• **What to do**
The response should be a precise copy of every entry.

━━━ Material provided ━━━

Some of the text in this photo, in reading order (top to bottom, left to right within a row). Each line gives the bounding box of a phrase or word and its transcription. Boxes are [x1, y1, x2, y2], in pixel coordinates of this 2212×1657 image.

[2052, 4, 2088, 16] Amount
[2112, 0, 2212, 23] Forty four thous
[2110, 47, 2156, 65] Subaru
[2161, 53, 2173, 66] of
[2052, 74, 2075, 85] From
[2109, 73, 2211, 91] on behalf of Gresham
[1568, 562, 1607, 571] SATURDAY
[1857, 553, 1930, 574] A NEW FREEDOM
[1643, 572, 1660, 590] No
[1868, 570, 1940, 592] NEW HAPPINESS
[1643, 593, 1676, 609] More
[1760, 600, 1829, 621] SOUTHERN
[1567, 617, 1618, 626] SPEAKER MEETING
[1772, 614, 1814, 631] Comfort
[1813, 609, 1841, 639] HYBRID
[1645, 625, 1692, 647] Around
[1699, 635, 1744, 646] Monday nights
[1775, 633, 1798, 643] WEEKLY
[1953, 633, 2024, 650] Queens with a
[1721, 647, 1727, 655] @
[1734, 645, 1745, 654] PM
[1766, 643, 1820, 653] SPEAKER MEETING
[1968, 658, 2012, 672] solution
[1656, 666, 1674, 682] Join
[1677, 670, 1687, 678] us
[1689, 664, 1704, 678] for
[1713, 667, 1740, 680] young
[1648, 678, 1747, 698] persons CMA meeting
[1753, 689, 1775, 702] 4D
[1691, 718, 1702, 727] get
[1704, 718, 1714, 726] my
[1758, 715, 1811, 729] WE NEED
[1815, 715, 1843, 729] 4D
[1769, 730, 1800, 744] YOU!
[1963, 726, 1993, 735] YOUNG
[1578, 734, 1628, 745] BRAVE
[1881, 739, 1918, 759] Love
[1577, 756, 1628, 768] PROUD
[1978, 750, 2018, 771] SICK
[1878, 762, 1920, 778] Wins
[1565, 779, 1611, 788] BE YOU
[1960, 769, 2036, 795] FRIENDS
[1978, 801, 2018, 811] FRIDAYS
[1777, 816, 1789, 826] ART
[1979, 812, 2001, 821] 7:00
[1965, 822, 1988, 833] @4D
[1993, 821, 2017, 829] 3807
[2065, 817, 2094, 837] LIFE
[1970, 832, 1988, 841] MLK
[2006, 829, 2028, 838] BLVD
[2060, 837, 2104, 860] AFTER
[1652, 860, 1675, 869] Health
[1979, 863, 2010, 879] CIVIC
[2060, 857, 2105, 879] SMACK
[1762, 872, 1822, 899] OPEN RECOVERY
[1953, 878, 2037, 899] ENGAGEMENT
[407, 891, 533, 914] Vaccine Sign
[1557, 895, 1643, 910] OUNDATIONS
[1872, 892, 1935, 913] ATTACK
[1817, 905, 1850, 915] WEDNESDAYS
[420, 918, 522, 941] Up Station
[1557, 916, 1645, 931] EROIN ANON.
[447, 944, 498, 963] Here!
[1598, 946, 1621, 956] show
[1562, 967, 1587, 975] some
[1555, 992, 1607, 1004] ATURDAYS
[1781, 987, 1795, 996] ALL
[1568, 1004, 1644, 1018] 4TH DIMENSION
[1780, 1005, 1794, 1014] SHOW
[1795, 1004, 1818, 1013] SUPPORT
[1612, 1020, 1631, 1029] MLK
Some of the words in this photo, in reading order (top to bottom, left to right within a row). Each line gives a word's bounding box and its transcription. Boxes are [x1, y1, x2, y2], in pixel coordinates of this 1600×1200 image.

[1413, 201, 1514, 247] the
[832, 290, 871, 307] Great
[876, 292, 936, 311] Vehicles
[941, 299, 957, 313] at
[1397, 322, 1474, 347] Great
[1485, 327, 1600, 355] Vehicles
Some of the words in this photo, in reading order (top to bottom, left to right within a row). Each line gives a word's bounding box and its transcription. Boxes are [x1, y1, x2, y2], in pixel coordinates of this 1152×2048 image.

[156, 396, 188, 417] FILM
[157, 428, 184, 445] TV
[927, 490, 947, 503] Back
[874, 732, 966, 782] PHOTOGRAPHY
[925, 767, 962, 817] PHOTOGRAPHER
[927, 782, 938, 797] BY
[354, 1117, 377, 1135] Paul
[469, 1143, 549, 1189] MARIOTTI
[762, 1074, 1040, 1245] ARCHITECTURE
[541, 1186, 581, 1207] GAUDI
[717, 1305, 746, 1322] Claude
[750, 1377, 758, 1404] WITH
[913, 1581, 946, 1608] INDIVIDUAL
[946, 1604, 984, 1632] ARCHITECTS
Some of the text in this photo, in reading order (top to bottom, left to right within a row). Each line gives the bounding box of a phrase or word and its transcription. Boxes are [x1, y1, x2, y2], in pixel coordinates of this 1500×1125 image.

━━━

• **Worked solution**
Some of the text in this photo, in reading order (top to bottom, left to right within a row). Each line gives the bounding box of a phrase or word and its transcription. Boxes are [x1, y1, x2, y2], in pixel coordinates of this 2212×1657 image.

[2052, 4, 2088, 16] Amount
[2112, 0, 2212, 23] Forty four thous
[2110, 47, 2156, 65] Subaru
[2161, 53, 2173, 66] of
[2052, 74, 2075, 85] From
[2109, 73, 2211, 91] on behalf of Gresham
[1568, 562, 1607, 571] SATURDAY
[1857, 553, 1930, 574] A NEW FREEDOM
[1643, 572, 1660, 590] No
[1868, 570, 1940, 592] NEW HAPPINESS
[1643, 593, 1676, 609] More
[1760, 600, 1829, 621] SOUTHERN
[1567, 617, 1618, 626] SPEAKER MEETING
[1772, 614, 1814, 631] Comfort
[1813, 609, 1841, 639] HYBRID
[1645, 625, 1692, 647] Around
[1699, 635, 1744, 646] Monday nights
[1775, 633, 1798, 643] WEEKLY
[1953, 633, 2024, 650] Queens with a
[1721, 647, 1727, 655] @
[1734, 645, 1745, 654] PM
[1766, 643, 1820, 653] SPEAKER MEETING
[1968, 658, 2012, 672] solution
[1656, 666, 1674, 682] Join
[1677, 670, 1687, 678] us
[1689, 664, 1704, 678] for
[1713, 667, 1740, 680] young
[1648, 678, 1747, 698] persons CMA meeting
[1753, 689, 1775, 702] 4D
[1691, 718, 1702, 727] get
[1704, 718, 1714, 726] my
[1758, 715, 1811, 729] WE NEED
[1815, 715, 1843, 729] 4D
[1769, 730, 1800, 744] YOU!
[1963, 726, 1993, 735] YOUNG
[1578, 734, 1628, 745] BRAVE
[1881, 739, 1918, 759] Love
[1577, 756, 1628, 768] PROUD
[1978, 750, 2018, 771] SICK
[1878, 762, 1920, 778] Wins
[1565, 779, 1611, 788] BE YOU
[1960, 769, 2036, 795] FRIENDS
[1978, 801, 2018, 811] FRIDAYS
[1777, 816, 1789, 826] ART
[1979, 812, 2001, 821] 7:00
[1965, 822, 1988, 833] @4D
[1993, 821, 2017, 829] 3807
[2065, 817, 2094, 837] LIFE
[1970, 832, 1988, 841] MLK
[2006, 829, 2028, 838] BLVD
[2060, 837, 2104, 860] AFTER
[1652, 860, 1675, 869] Health
[1979, 863, 2010, 879] CIVIC
[2060, 857, 2105, 879] SMACK
[1762, 872, 1822, 899] OPEN RECOVERY
[1953, 878, 2037, 899] ENGAGEMENT
[407, 891, 533, 914] Vaccine Sign
[1557, 895, 1643, 910] OUNDATIONS
[1872, 892, 1935, 913] ATTACK
[1817, 905, 1850, 915] WEDNESDAYS
[420, 918, 522, 941] Up Station
[1557, 916, 1645, 931] EROIN ANON.
[447, 944, 498, 963] Here!
[1598, 946, 1621, 956] show
[1562, 967, 1587, 975] some
[1555, 992, 1607, 1004] ATURDAYS
[1781, 987, 1795, 996] ALL
[1568, 1004, 1644, 1018] 4TH DIMENSION
[1780, 1005, 1794, 1014] SHOW
[1795, 1004, 1818, 1013] SUPPORT
[1612, 1020, 1631, 1029] MLK
Some of the words in this photo, in reading order (top to bottom, left to right within a row). Each line gives a word's bounding box and its transcription. Boxes are [x1, y1, x2, y2], in pixel coordinates of this 1600×1200 image.

[1413, 201, 1514, 247] the
[832, 290, 871, 307] Great
[876, 292, 936, 311] Vehicles
[941, 299, 957, 313] at
[1397, 322, 1474, 347] Great
[1485, 327, 1600, 355] Vehicles
Some of the words in this photo, in reading order (top to bottom, left to right within a row). Each line gives a word's bounding box and its transcription. Boxes are [x1, y1, x2, y2], in pixel coordinates of this 1152×2048 image.

[156, 396, 188, 417] FILM
[157, 428, 184, 445] TV
[927, 490, 947, 503] Back
[874, 732, 966, 782] PHOTOGRAPHY
[925, 767, 962, 817] PHOTOGRAPHER
[927, 782, 938, 797] BY
[354, 1117, 377, 1135] Paul
[469, 1143, 549, 1189] MARIOTTI
[762, 1074, 1040, 1245] ARCHITECTURE
[541, 1186, 581, 1207] GAUDI
[717, 1305, 746, 1322] Claude
[750, 1377, 758, 1404] WITH
[913, 1581, 946, 1608] INDIVIDUAL
[946, 1604, 984, 1632] ARCHITECTS
Some of the text in this photo, in reading order (top to bottom, left to right within a row). Each line gives the bounding box of a phrase or word and its transcription. Boxes are [x1, y1, x2, y2], in pixel coordinates of this 1500×1125 image.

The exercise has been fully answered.